** DATA FOR REVIEW **
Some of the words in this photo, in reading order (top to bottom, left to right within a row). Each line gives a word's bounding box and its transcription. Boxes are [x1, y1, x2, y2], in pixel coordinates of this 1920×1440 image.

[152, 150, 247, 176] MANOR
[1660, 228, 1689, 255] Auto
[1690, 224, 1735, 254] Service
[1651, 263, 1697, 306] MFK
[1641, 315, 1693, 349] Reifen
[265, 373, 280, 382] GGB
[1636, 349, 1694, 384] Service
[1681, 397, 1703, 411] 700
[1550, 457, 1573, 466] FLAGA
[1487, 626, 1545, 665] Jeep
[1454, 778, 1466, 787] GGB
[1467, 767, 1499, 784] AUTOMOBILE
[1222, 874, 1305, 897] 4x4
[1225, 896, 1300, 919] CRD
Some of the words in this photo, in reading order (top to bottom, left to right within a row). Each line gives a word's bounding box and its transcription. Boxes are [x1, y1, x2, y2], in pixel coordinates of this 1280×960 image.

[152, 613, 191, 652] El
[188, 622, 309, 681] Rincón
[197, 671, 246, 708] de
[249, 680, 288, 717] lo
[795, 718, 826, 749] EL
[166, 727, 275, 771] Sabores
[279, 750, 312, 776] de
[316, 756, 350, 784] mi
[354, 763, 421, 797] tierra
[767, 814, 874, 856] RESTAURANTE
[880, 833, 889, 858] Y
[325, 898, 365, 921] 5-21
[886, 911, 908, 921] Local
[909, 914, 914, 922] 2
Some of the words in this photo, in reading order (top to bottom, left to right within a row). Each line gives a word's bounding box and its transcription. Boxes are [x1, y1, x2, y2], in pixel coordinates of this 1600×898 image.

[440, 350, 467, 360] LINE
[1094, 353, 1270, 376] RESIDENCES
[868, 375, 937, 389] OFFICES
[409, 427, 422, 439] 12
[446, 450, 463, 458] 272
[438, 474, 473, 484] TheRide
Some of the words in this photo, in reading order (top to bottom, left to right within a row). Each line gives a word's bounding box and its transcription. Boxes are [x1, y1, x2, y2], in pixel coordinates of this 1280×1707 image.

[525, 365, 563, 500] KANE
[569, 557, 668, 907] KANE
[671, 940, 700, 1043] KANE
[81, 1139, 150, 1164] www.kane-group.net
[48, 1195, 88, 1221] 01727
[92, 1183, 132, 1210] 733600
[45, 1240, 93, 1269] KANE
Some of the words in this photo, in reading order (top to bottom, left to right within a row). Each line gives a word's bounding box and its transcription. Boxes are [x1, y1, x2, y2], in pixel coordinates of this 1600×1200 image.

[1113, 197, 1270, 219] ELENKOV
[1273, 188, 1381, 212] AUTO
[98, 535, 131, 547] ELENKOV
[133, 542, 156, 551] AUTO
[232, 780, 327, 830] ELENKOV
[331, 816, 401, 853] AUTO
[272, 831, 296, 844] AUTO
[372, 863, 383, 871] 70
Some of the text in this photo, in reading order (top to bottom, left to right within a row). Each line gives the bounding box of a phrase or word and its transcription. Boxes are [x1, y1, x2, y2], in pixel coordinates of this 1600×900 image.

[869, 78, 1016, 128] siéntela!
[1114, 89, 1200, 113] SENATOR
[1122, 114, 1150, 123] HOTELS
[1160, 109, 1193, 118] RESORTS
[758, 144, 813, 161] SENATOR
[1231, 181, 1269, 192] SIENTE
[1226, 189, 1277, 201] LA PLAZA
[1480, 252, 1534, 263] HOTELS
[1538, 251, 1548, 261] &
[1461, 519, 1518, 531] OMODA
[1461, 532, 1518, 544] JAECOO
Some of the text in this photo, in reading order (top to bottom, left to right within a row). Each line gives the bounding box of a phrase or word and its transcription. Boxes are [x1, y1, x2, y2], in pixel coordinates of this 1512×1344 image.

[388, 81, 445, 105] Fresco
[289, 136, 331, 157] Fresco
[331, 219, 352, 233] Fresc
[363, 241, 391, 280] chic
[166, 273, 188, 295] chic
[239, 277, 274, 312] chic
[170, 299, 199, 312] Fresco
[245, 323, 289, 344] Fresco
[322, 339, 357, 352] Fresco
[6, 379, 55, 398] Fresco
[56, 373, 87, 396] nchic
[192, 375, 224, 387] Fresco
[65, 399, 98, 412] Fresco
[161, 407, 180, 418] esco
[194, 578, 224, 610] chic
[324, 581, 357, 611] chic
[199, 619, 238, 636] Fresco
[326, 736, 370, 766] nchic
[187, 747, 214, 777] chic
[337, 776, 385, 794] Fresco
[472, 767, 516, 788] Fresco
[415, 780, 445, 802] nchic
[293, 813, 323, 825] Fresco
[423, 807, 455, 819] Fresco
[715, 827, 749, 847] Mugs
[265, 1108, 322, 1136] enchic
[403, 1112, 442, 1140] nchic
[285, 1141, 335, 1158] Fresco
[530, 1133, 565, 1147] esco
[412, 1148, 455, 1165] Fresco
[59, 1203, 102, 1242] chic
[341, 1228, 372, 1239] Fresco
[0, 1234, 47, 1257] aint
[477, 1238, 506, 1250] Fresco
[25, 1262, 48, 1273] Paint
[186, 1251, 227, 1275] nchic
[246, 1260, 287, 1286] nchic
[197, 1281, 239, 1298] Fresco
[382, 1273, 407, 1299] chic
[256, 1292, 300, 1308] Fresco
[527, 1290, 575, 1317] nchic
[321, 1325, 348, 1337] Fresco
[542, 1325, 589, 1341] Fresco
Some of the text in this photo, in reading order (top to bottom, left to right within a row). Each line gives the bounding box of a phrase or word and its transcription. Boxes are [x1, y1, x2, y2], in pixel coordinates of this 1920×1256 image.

** WORK INSTRUCTION **
Output the listing in full. Leave every line unchanged.

** OUTPUT BELOW **
Some of the words in this photo, in reading order (top to bottom, left to right within a row). Each line gives a word's bounding box and its transcription. Boxes are [x1, y1, x2, y2], in pixel coordinates of this 1920×1440 image.

[152, 150, 247, 176] MANOR
[1660, 228, 1689, 255] Auto
[1690, 224, 1735, 254] Service
[1651, 263, 1697, 306] MFK
[1641, 315, 1693, 349] Reifen
[265, 373, 280, 382] GGB
[1636, 349, 1694, 384] Service
[1681, 397, 1703, 411] 700
[1550, 457, 1573, 466] FLAGA
[1487, 626, 1545, 665] Jeep
[1454, 778, 1466, 787] GGB
[1467, 767, 1499, 784] AUTOMOBILE
[1222, 874, 1305, 897] 4x4
[1225, 896, 1300, 919] CRD
Some of the words in this photo, in reading order (top to bottom, left to right within a row). Each line gives a word's bounding box and its transcription. Boxes are [x1, y1, x2, y2], in pixel coordinates of this 1280×960 image.

[152, 613, 191, 652] El
[188, 622, 309, 681] Rincón
[197, 671, 246, 708] de
[249, 680, 288, 717] lo
[795, 718, 826, 749] EL
[166, 727, 275, 771] Sabores
[279, 750, 312, 776] de
[316, 756, 350, 784] mi
[354, 763, 421, 797] tierra
[767, 814, 874, 856] RESTAURANTE
[880, 833, 889, 858] Y
[325, 898, 365, 921] 5-21
[886, 911, 908, 921] Local
[909, 914, 914, 922] 2
Some of the words in this photo, in reading order (top to bottom, left to right within a row). Each line gives a word's bounding box and its transcription. Boxes are [x1, y1, x2, y2], in pixel coordinates of this 1600×898 image.

[440, 350, 467, 360] LINE
[1094, 353, 1270, 376] RESIDENCES
[868, 375, 937, 389] OFFICES
[409, 427, 422, 439] 12
[446, 450, 463, 458] 272
[438, 474, 473, 484] TheRide
Some of the words in this photo, in reading order (top to bottom, left to right within a row). Each line gives a word's bounding box and its transcription. Boxes are [x1, y1, x2, y2], in pixel coordinates of this 1280×1707 image.

[525, 365, 563, 500] KANE
[569, 557, 668, 907] KANE
[671, 940, 700, 1043] KANE
[81, 1139, 150, 1164] www.kane-group.net
[48, 1195, 88, 1221] 01727
[92, 1183, 132, 1210] 733600
[45, 1240, 93, 1269] KANE
Some of the words in this photo, in reading order (top to bottom, left to right within a row). Each line gives a word's bounding box and its transcription. Boxes are [x1, y1, x2, y2], in pixel coordinates of this 1600×1200 image.

[1113, 197, 1270, 219] ELENKOV
[1273, 188, 1381, 212] AUTO
[98, 535, 131, 547] ELENKOV
[133, 542, 156, 551] AUTO
[232, 780, 327, 830] ELENKOV
[331, 816, 401, 853] AUTO
[272, 831, 296, 844] AUTO
[372, 863, 383, 871] 70
Some of the text in this photo, in reading order (top to bottom, left to right within a row). Each line gives the bounding box of a phrase or word and its transcription. Boxes are [x1, y1, x2, y2], in pixel coordinates of this 1600×900 image.

[869, 78, 1016, 128] siéntela!
[1114, 89, 1200, 113] SENATOR
[1122, 114, 1150, 123] HOTELS
[1160, 109, 1193, 118] RESORTS
[758, 144, 813, 161] SENATOR
[1231, 181, 1269, 192] SIENTE
[1226, 189, 1277, 201] LA PLAZA
[1480, 252, 1534, 263] HOTELS
[1538, 251, 1548, 261] &
[1461, 519, 1518, 531] OMODA
[1461, 532, 1518, 544] JAECOO
Some of the text in this photo, in reading order (top to bottom, left to right within a row). Each line gives the bounding box of a phrase or word and its transcription. Boxes are [x1, y1, x2, y2], in pixel coordinates of this 1512×1344 image.

[388, 81, 445, 105] Fresco
[289, 136, 331, 157] Fresco
[331, 219, 352, 233] Fresc
[363, 241, 391, 280] chic
[166, 273, 188, 295] chic
[239, 277, 274, 312] chic
[170, 299, 199, 312] Fresco
[245, 323, 289, 344] Fresco
[322, 339, 357, 352] Fresco
[6, 379, 55, 398] Fresco
[56, 373, 87, 396] nchic
[192, 375, 224, 387] Fresco
[65, 399, 98, 412] Fresco
[161, 407, 180, 418] esco
[194, 578, 224, 610] chic
[324, 581, 357, 611] chic
[199, 619, 238, 636] Fresco
[326, 736, 370, 766] nchic
[187, 747, 214, 777] chic
[337, 776, 385, 794] Fresco
[472, 767, 516, 788] Fresco
[415, 780, 445, 802] nchic
[293, 813, 323, 825] Fresco
[423, 807, 455, 819] Fresco
[715, 827, 749, 847] Mugs
[265, 1108, 322, 1136] enchic
[403, 1112, 442, 1140] nchic
[285, 1141, 335, 1158] Fresco
[530, 1133, 565, 1147] esco
[412, 1148, 455, 1165] Fresco
[59, 1203, 102, 1242] chic
[341, 1228, 372, 1239] Fresco
[0, 1234, 47, 1257] aint
[477, 1238, 506, 1250] Fresco
[25, 1262, 48, 1273] Paint
[186, 1251, 227, 1275] nchic
[246, 1260, 287, 1286] nchic
[197, 1281, 239, 1298] Fresco
[382, 1273, 407, 1299] chic
[256, 1292, 300, 1308] Fresco
[527, 1290, 575, 1317] nchic
[321, 1325, 348, 1337] Fresco
[542, 1325, 589, 1341] Fresco
Some of the text in this photo, in reading order (top to bottom, left to right within a row). Each line gives the bounding box of a phrase or word and its transcription. Boxes are [x1, y1, x2, y2], in pixel coordinates of this 1920×1256 image.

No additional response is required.